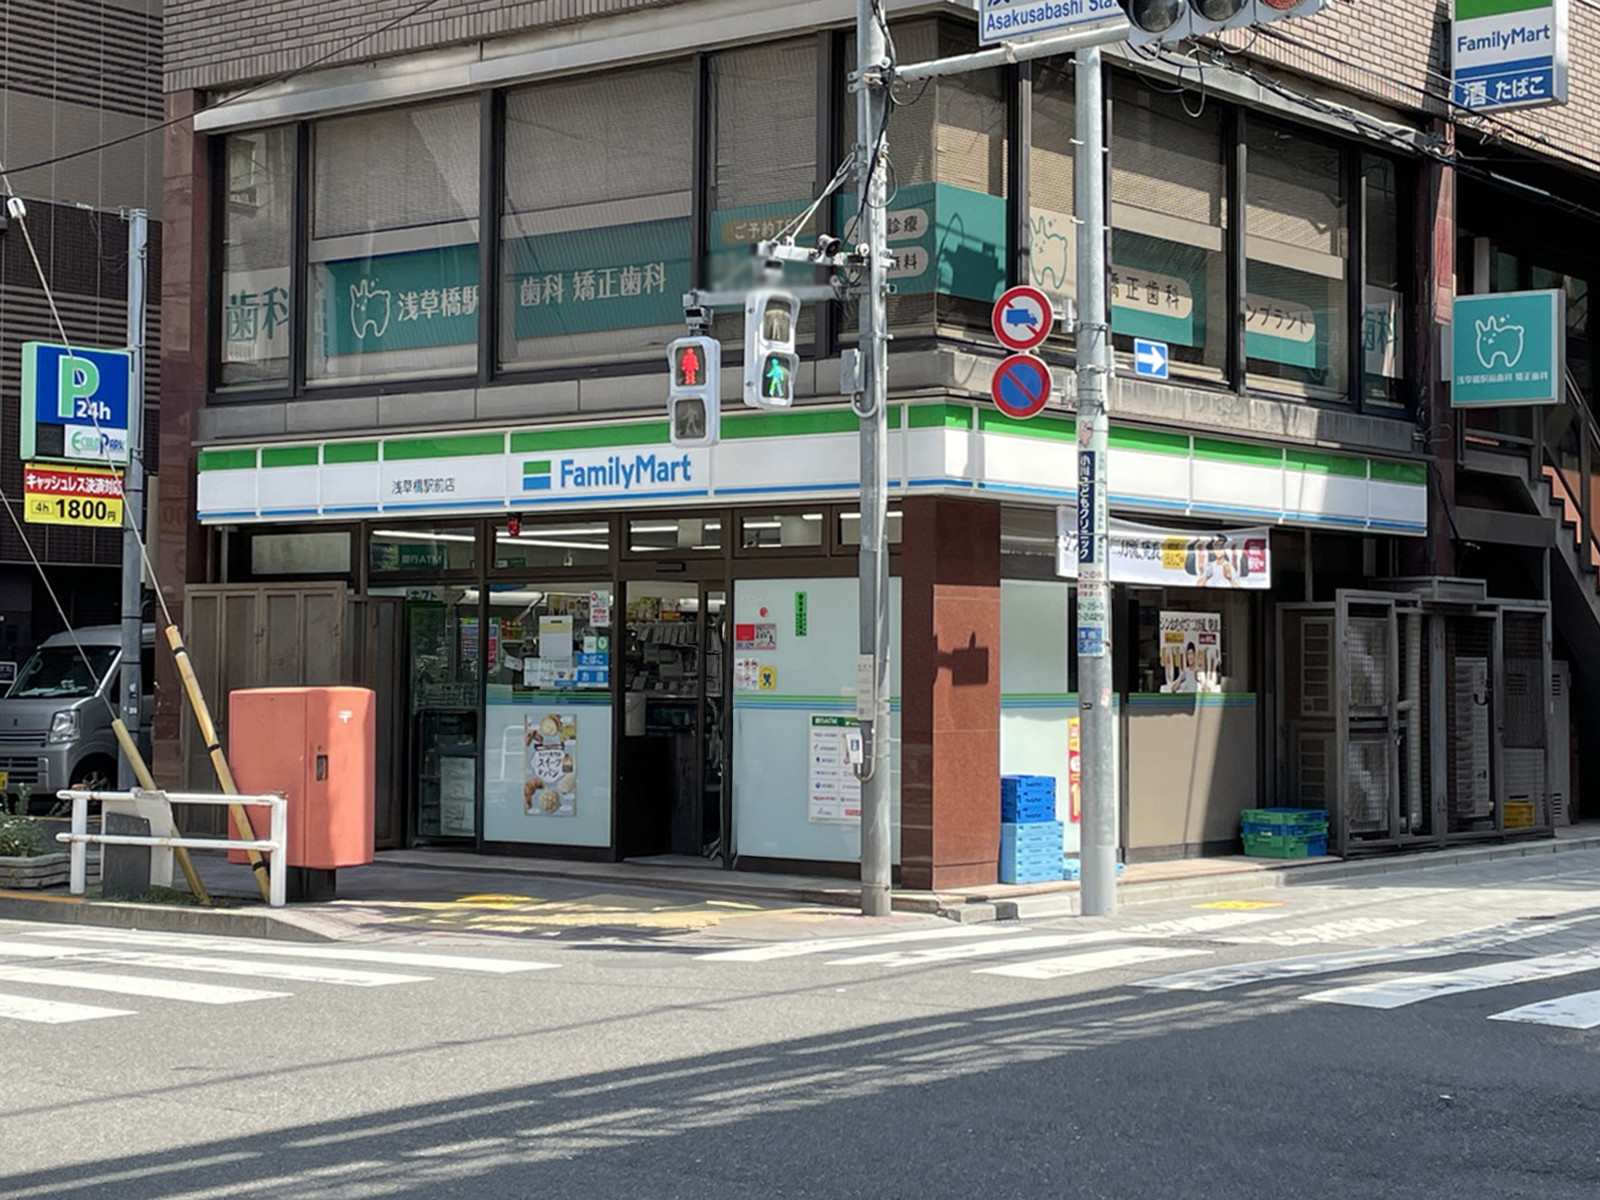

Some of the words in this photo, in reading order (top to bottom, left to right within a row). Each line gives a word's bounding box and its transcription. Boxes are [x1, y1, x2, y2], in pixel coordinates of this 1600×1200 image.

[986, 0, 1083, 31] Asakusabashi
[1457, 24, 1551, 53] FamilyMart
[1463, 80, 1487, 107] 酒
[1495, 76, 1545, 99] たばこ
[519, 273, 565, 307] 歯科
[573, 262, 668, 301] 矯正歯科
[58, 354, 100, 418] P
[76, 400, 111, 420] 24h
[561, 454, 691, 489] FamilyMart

══════════════════════════════

Exercise requirements: Any images must be left out; transcribe the rest of the material exactly.

Expected answer:
Some of the words in this photo, in reading order (top to bottom, left to right within a row). Each line gives a word's bounding box and its transcription. Boxes are [x1, y1, x2, y2], in pixel coordinates of this 1600×1200 image.

[986, 0, 1083, 31] Asakusabashi
[1457, 24, 1551, 53] FamilyMart
[1463, 80, 1487, 107] 酒
[1495, 76, 1545, 99] たばこ
[519, 273, 565, 307] 歯科
[573, 262, 668, 301] 矯正歯科
[58, 354, 100, 418] P
[76, 400, 111, 420] 24h
[561, 454, 691, 489] FamilyMart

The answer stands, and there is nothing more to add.